Outdoor Life Online Editor

The residents of tiny Seeley Lake, Mont., never knew a 300-pound grizzly shared their neighborhood for much of last summer. The bear never raided cabins or killed calves, but for several weeks it loitered around the outskirts of town, moving mostly at night and without attracting attention to itself.

Thanks to a rugged necklace containing gee-whiz technology, residents now know the old bear visited backyard bird feeders and dined on deer carcasses dumped by poachers. They know the 22-year-old boar traveled a couple hundred miles over 20 days last September. And they now know they can live with bears, as long as they’re as well-behaved as this old gent.

They know all this because of a $3,000 collar that was cinched around the bear’s neck when it was accidentally trapped in June by state biologists working on a black bear study in Montana’s Swan Valley. When the collar automatically released four months later, the onboard memory chip contained 2,369 waypoints triangulated from satellites-a virtual map of the bear’s location every hour of every day. The GPS collar provided an unprecedented level of detail of the bear’s movements, food and lodging preferences, even its reaction to Highway 83, a lonely blacktop road that bisects the wooded valley.

To understand the importance of this data, you have to consider the alternatives. “Normally, when we radio-collar a bear, we can get a signal once or twice in a week, and that’s only in the daytime when the weather’s clear enough to fly,” says Chris Servheen, lead grizzly bear recovery manager for the U.S. Fish & Wildlife Service in Missoula, Mont. “We have no idea what that bear does between flights. And if it’s not collared, we hear about it only when it’s in trouble or dead.”

The assumption has been that civilization is anathema to grizzlies, and vice versa. If bear managers didn’t hear about marauding silvertips, it was because they were way back in the wilderness, they figured. Nobody guessed bears could live so close, and so comfortably, to the margins of a municipality.

It doesn’t surprise residents of Seeley Lake.

“We always knew there were more grizzlies around than anybody told us officially,” says Joe Bender, a Seeley Lake native and hard-core deer hunter. “I’ve had bears walk under my tree stand, and they’ve been spotted right outside town. There are more grizzlies around than anybody thinks.”

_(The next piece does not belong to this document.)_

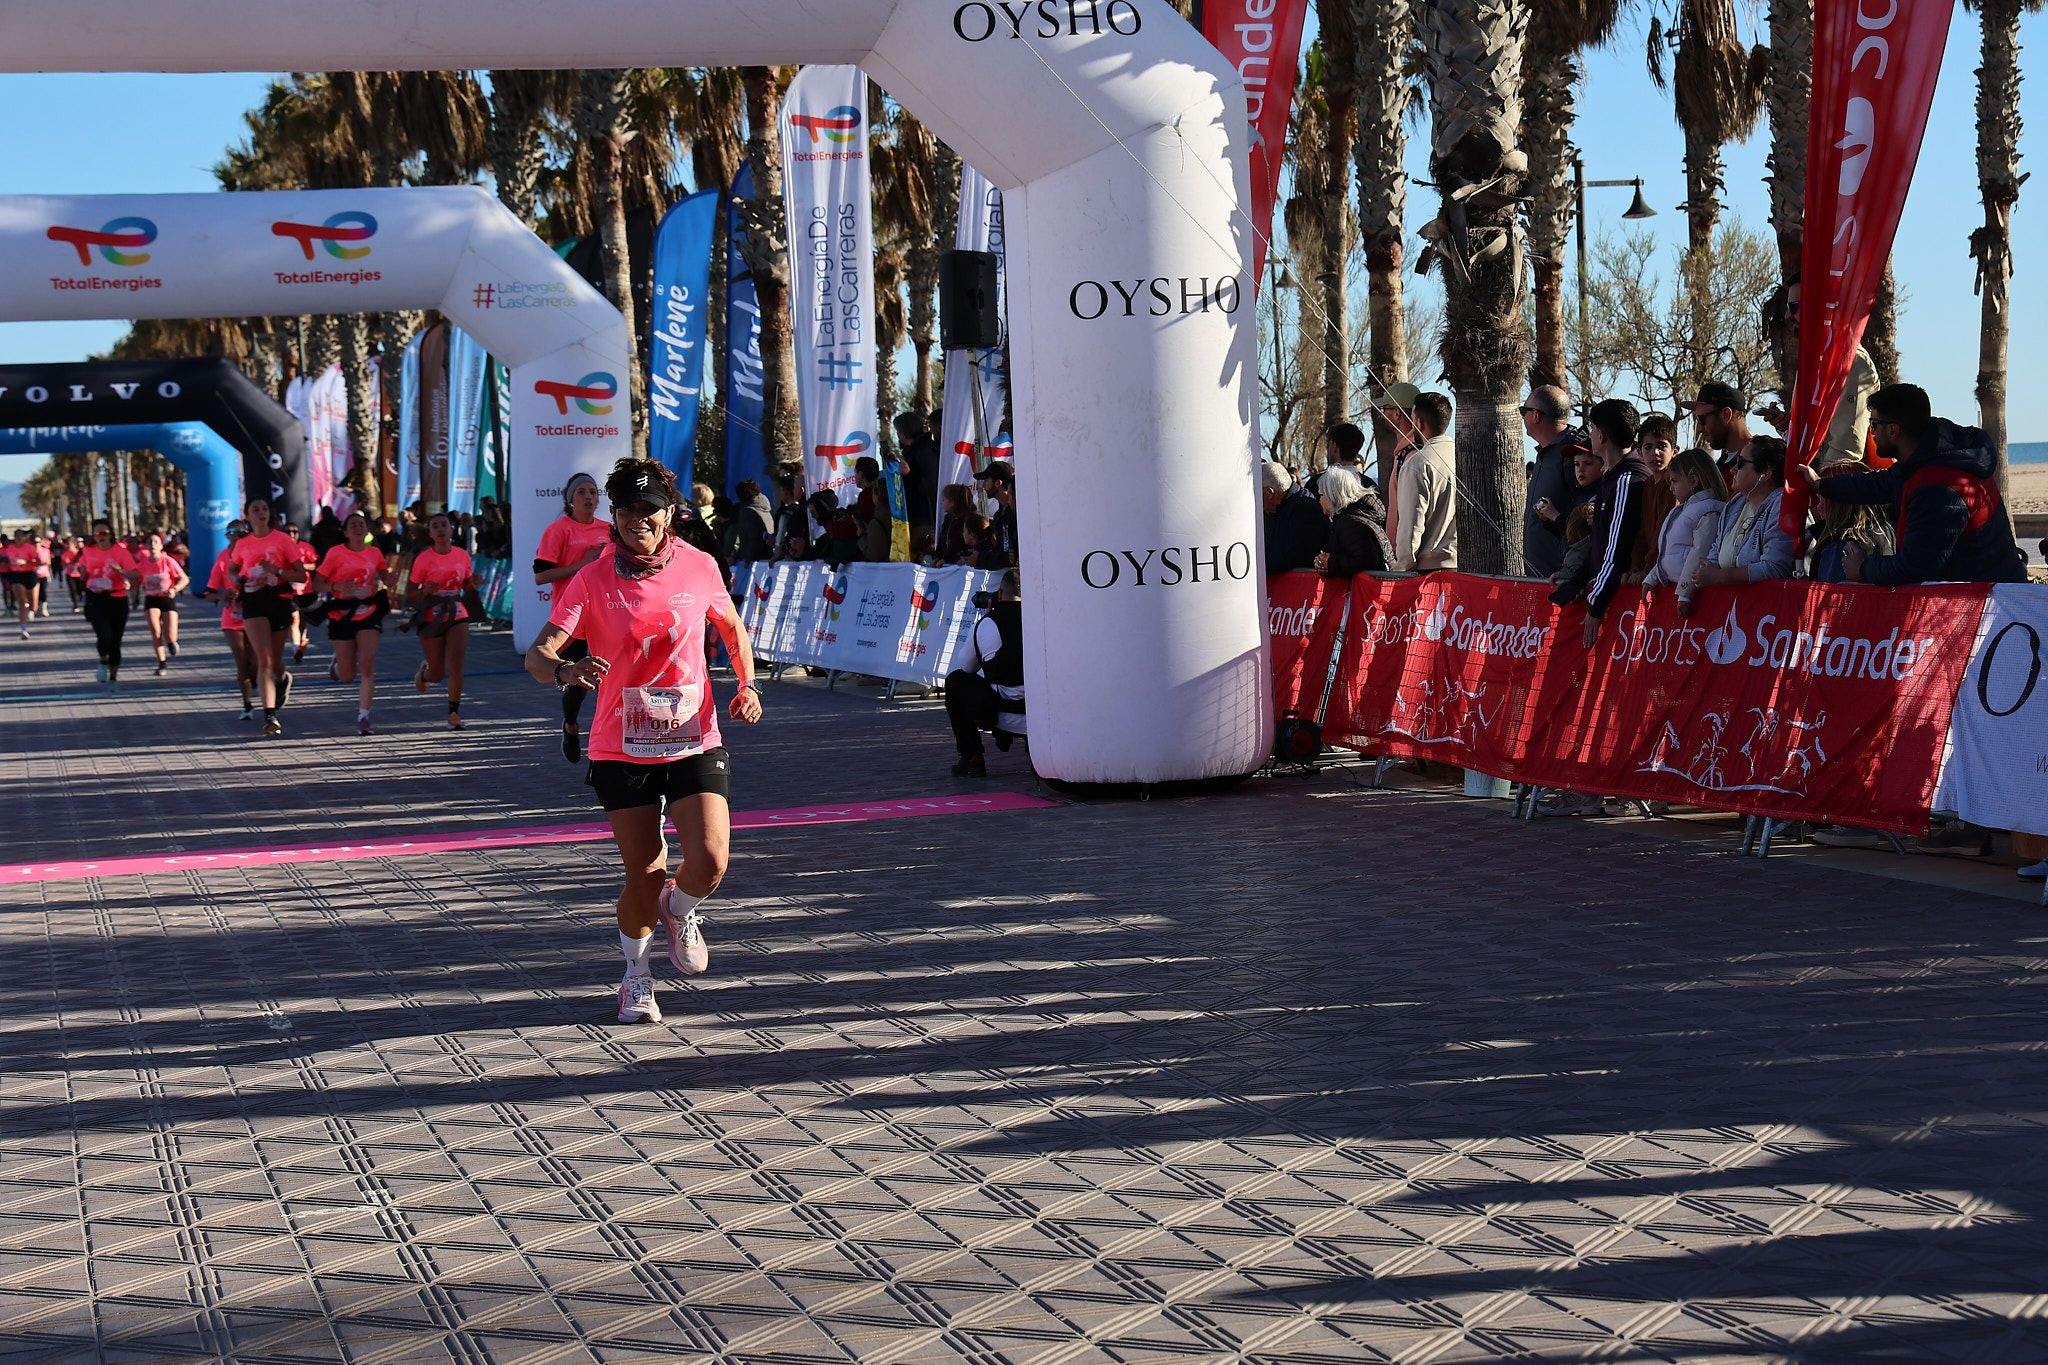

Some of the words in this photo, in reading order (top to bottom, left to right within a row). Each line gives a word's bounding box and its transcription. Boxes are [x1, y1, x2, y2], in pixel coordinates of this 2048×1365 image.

But Seeley Lake is outside the grizzly recovery area (the area designated by the federal government as prime, protected habitat), so its bears’ fate is in their own paws, so to speak. If they remain ghosts, like last summer’s griz, and don’t draw attention to themselves, they might roam as far east as Montana’s Missouri River Breaks. But if they kill lambs, or raid aviaries, or otherwise run afoul of humanity, then they’re almost certain to be confined to a relatively small ecosystem, the same 2 percent of their former range in the Lower 48 that they’ve been limited to for most of the last century.